In this assignment, you will implement a Relation Extraction (RE) system, making use of the output of the various NLP tools you learned about in the course. The assignment is somewhat open-ended, and you are not restricted as to the methods you are expected to use. You can write either a rule-based system, a machine-learning based system, or a hybrid system combining both approaches.
RE aims at extracting semantic relations between entities from a given text.
We will focus on extracting binary relations, i.e. relations between exactly two entities,
from sentences. We will denote the relations rel(arg1,arg2)
where arg1
and arg2
are the two entities in a predefined relation rel
within a sentence S
.
Given a sentence, the task is to decide whether the sentence contains a mention of a relation of interest, and if yes -- extract the relation name and the two corresponding entities.

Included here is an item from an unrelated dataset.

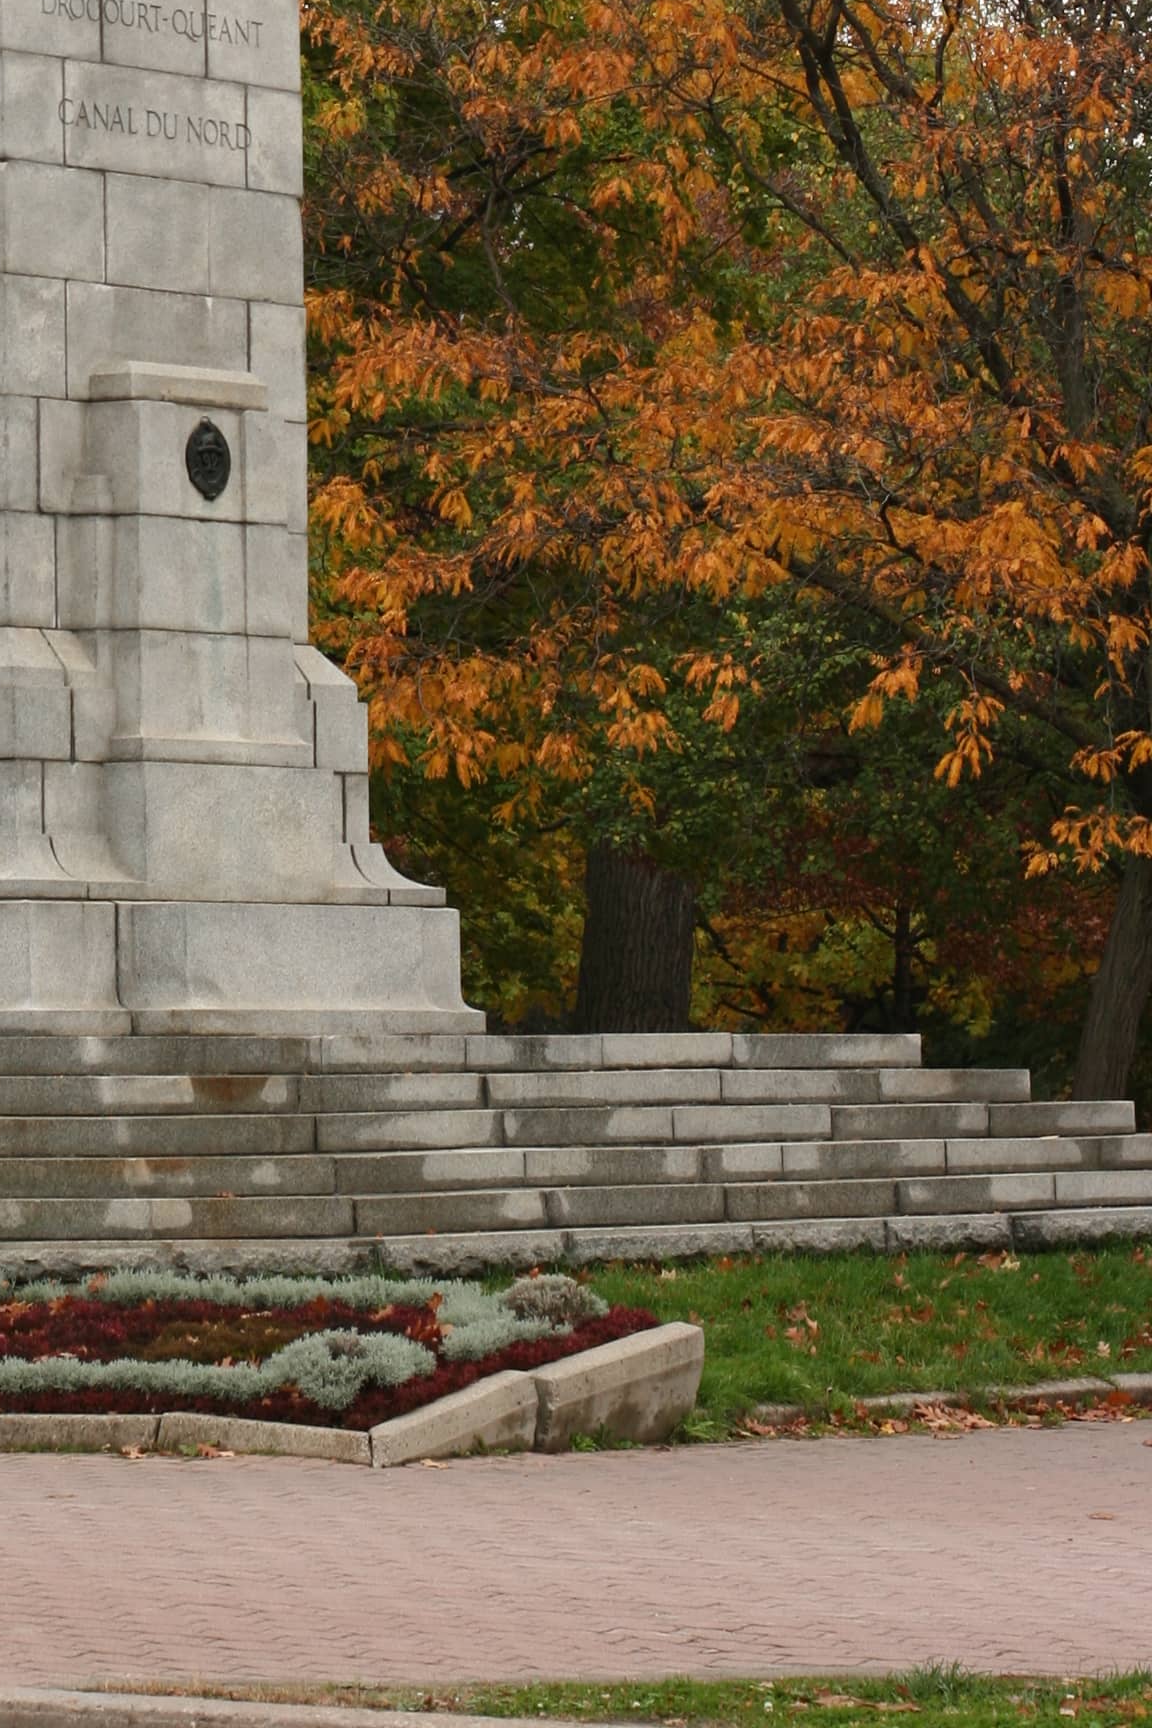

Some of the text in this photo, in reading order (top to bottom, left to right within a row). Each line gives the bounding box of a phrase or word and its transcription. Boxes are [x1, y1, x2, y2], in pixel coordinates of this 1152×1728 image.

[57, 97, 252, 151] CANAL DU NORD

In this assignment we will be looking for the following relations:
Work for
, e.g. Work_For(Yoav Goldberg, Bar Ilan University)
Live in
, e.g. Live_In(Yoav Goldberg, Israel)
Note that the order of the entities within a relation is important, e.g. compare Work_For(Yoav Goldberg, Bar Ilan University)
and Work_For(Bar Ilan University, Yoav Goldberg)
. The first relation is correct while the second is not (although it could be nice if that was the case).
You need to identify one of these relations (WorkFor or LiveIn). It is your choice which of the relations to address.
You need to implement:
a system that gets as input a text file with multiple sentences, and returns as output a list of extracted relations together with the sentences the relations were extracted from. (40%)
an evaluation program that gets your programs's output and the gold-standard data, and outputs the Precision, Recall and F-1 scores. (10%)
You will also submit a report. (50%)
Your main grade will be based on the report -- but note that the report will be based on what you actually implemented, and the results you obtained.
We provide you with two datasets, TRAIN
and DEV
. Each set consists of two files:
Corpus (Corpus.TRAIN.txt / Corpus.DEV.txt) -- These files contain sentences, some of which mention relations you'll need to extract. Each line is of the format sentence_id<TAB>sentence_text
. The sentence ids correspond to sentences in the annotation files (see below).
Annotation (TRAIN.annotations / DEV.annotations) -- these files contain the gold-standard annotation of the relations, which should be extracted from the sentences of the corresponding Corpus
files. Each line represents a single relation extracted from a sentence. The corresponding sentence is given is brackets for your convenience. In the file, columns are separated by TABs, while tokens are separated by whitespace.
Processed Corpus (Corpus.TRAIN.processed / Corpus.DEV.processed) -- these are the Corpus files, with lemmas, POS-tags, Named-entity-tags and dependency-tree annotations. The annotations are produced using the spacy NLP toolkit, using the following script: spc.py.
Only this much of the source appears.